Where the principle officer considers that detriment might occur, the principal officer can direct that, to the extent the document contains such information,
it is not to be given to the applicant directly, but rather to a qualified person nominated by the applicant, who carries on the same occupation as
the qualified person who provided the information.
Some concessions are made to applicants seeking their own personal information. There is no charge payable for provision of access to a document that contains
personal information about the applicant.[19]
Victoria
The Freedom of Information Act 1982 (Vic) (Vic FOI Act) addresses personal privacy using a concept of personal affairs information, or
more accurately, ‘information relating to the personal affairs of any person’. Even so, a definition of that term only occurs in the context of and
for the purposes of a specific exemption, even though the phrase appears in other provisions of the Vic FOI Act.
Under the Vic FOI Act, every person has a legally enforceable right to obtain access in accordance with that Act to a document of an agency other
than an exempt document.[20]In
relation to protection of personal privacy, s 33 is the relevant exemption provision. Section 33(1) of the Vic FOI Act is headed ‘Document
affecting personal privacy’ and provides that:
A document is an exempt document if its disclosure under this Act would involve the unreasonable disclosure of information relating to the personal affairs
of any person (including a deceased person).
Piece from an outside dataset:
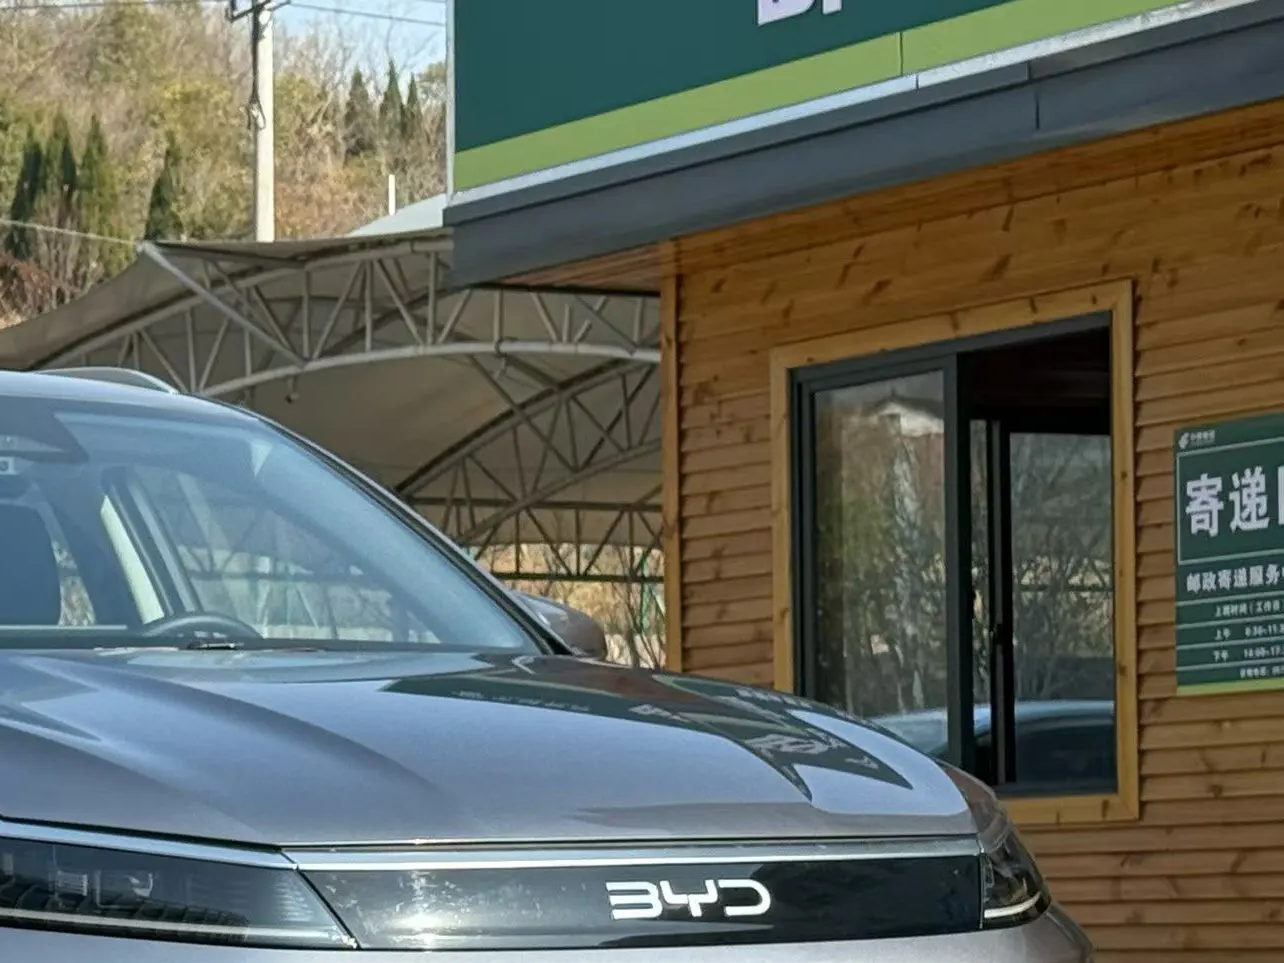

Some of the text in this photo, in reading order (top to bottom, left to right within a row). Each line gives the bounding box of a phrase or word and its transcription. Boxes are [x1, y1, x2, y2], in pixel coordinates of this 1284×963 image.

[1186, 465, 1284, 537] 寄递
[1187, 563, 1284, 594] 邮政寄递服务
[605, 878, 772, 921] BYD
Section 33(9) of the Vic FOI Act provides that in s 33 the phrase ‘information relating to the personal affairs of any person’ has an inclusive
meaning. That is, it includes information:
(a)that identifies any person or their address or location; or
(b)from which any person’s identity, address or location can reasonably be determined.
That definition was introduced in late 1999, after a series of decisions of the Victorian Civil and Administrative Tribunal (VCAT) and its predecessor
were divided as to the application of the phrase ‘information relating to the personal affairs of any person’ to staff and other officers of agencies.
This culminated in the Frankston Hospital Case,[21] in which a convicted triple murderer was granted access to the nursing rosters for an outer suburban hospital, on the basis that the nursing rosters
did not contain information about the nurses’ ‘personal affairs’ information for the purposes of s 33 of the Vic FOI Act.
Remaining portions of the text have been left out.